>>>

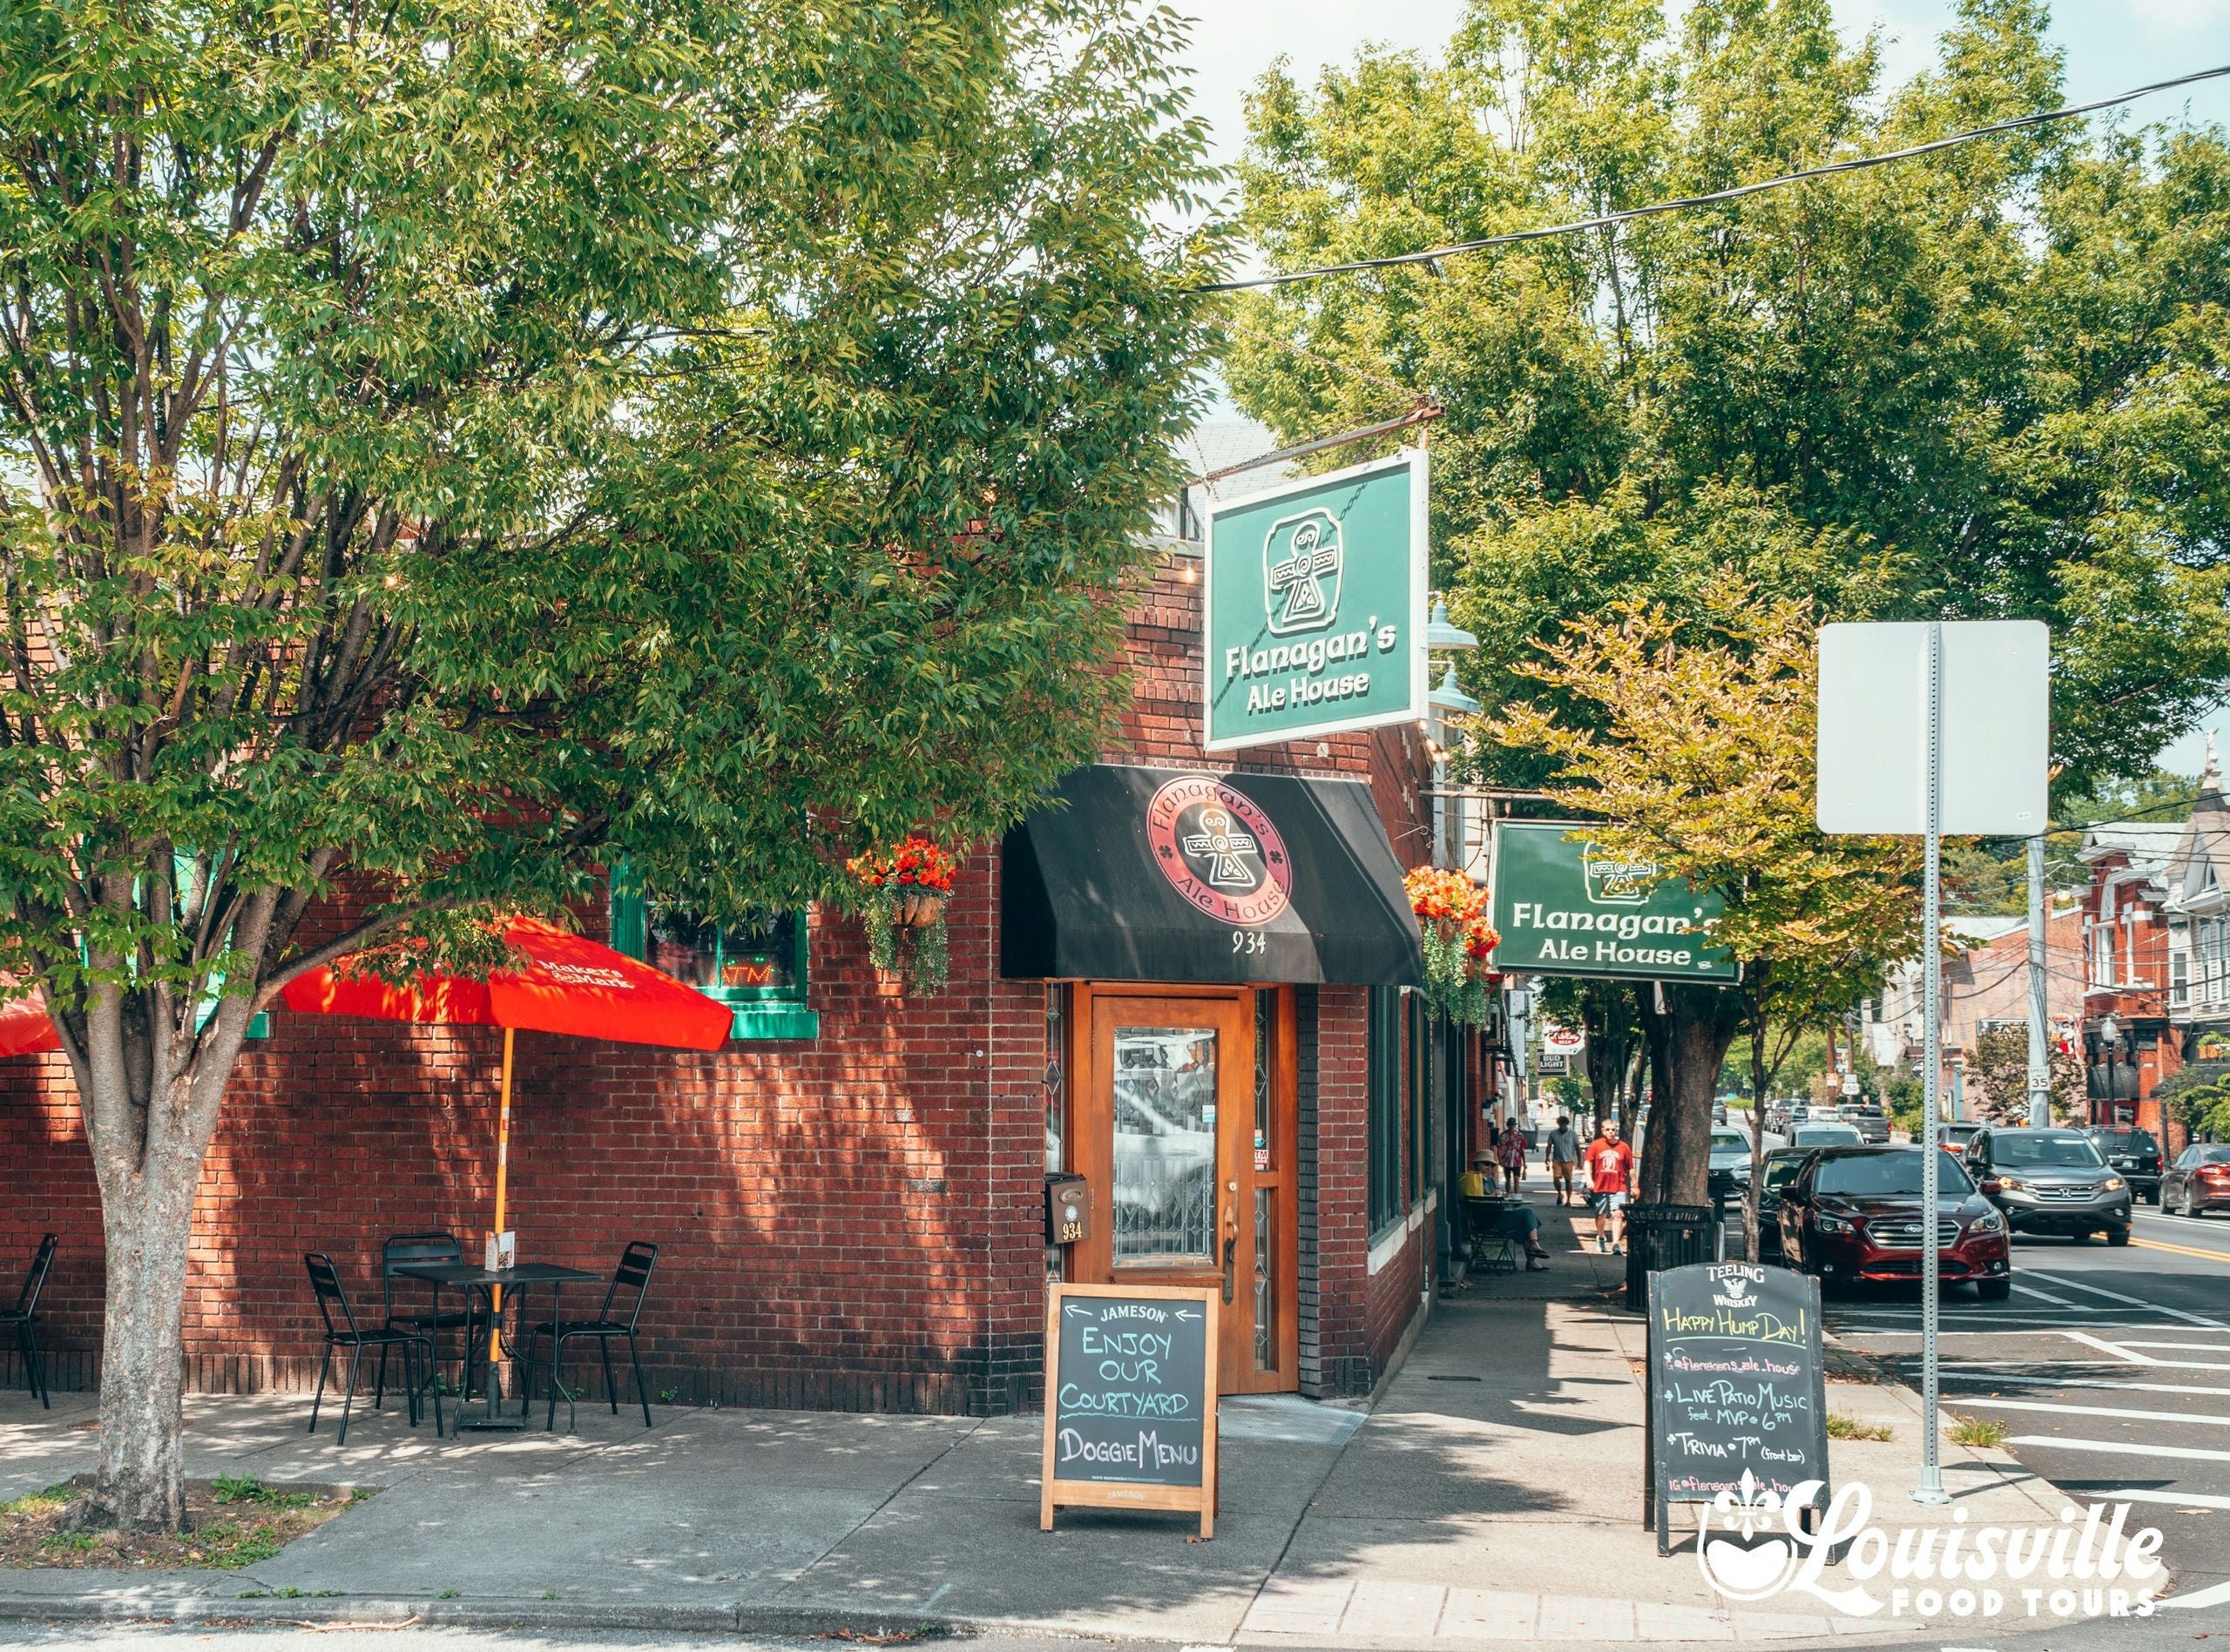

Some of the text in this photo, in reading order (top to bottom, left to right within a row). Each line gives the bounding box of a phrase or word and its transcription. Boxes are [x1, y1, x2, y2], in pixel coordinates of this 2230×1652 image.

[1226, 616, 1396, 678] Flanagan's
[1247, 673, 1370, 711] Ale House
[1153, 784, 1269, 835] Flanagan's
[1178, 877, 1286, 919] Ale House
[1512, 902, 1722, 940] Flanagan's
[1233, 931, 1266, 954] 934
[1538, 939, 1691, 966] Ale House
[537, 960, 624, 978] Maker's
[571, 974, 635, 989] Mark
[2032, 1078, 2048, 1088] 35
[1063, 1221, 1082, 1240] 934
[1706, 1264, 1765, 1283] TEELING
[1100, 1305, 1167, 1323] JAMESON
[1713, 1294, 1758, 1308] WHISKEY
[1663, 1307, 1806, 1344] HAPPY HUMP DAY!
[1083, 1327, 1172, 1359] ENJOY
[1099, 1359, 1161, 1385] OUR
[1059, 1383, 1189, 1415] COURTYARD
[1674, 1379, 1808, 1411] LIVE PATIO MUSIC
[1716, 1409, 1748, 1426] MVP
[1058, 1428, 1198, 1470] DOGGIE MENU
[1675, 1432, 1727, 1458] TRIVIA
[1106, 1490, 1145, 1500] JAMESON

<<<

Copy all the records word for word and keep the pictures out.

Some of the text in this photo, in reading order (top to bottom, left to right within a row). Each line gives the bounding box of a phrase or word and its transcription. Boxes are [x1, y1, x2, y2], in pixel coordinates of this 2230×1652 image.

[1226, 616, 1396, 678] Flanagan's
[1247, 673, 1370, 711] Ale House
[1153, 784, 1269, 835] Flanagan's
[1178, 877, 1286, 919] Ale House
[1512, 902, 1722, 940] Flanagan's
[1233, 931, 1266, 954] 934
[1538, 939, 1691, 966] Ale House
[537, 960, 624, 978] Maker's
[571, 974, 635, 989] Mark
[2032, 1078, 2048, 1088] 35
[1063, 1221, 1082, 1240] 934
[1706, 1264, 1765, 1283] TEELING
[1100, 1305, 1167, 1323] JAMESON
[1713, 1294, 1758, 1308] WHISKEY
[1663, 1307, 1806, 1344] HAPPY HUMP DAY!
[1083, 1327, 1172, 1359] ENJOY
[1099, 1359, 1161, 1385] OUR
[1059, 1383, 1189, 1415] COURTYARD
[1674, 1379, 1808, 1411] LIVE PATIO MUSIC
[1716, 1409, 1748, 1426] MVP
[1058, 1428, 1198, 1470] DOGGIE MENU
[1675, 1432, 1727, 1458] TRIVIA
[1106, 1490, 1145, 1500] JAMESON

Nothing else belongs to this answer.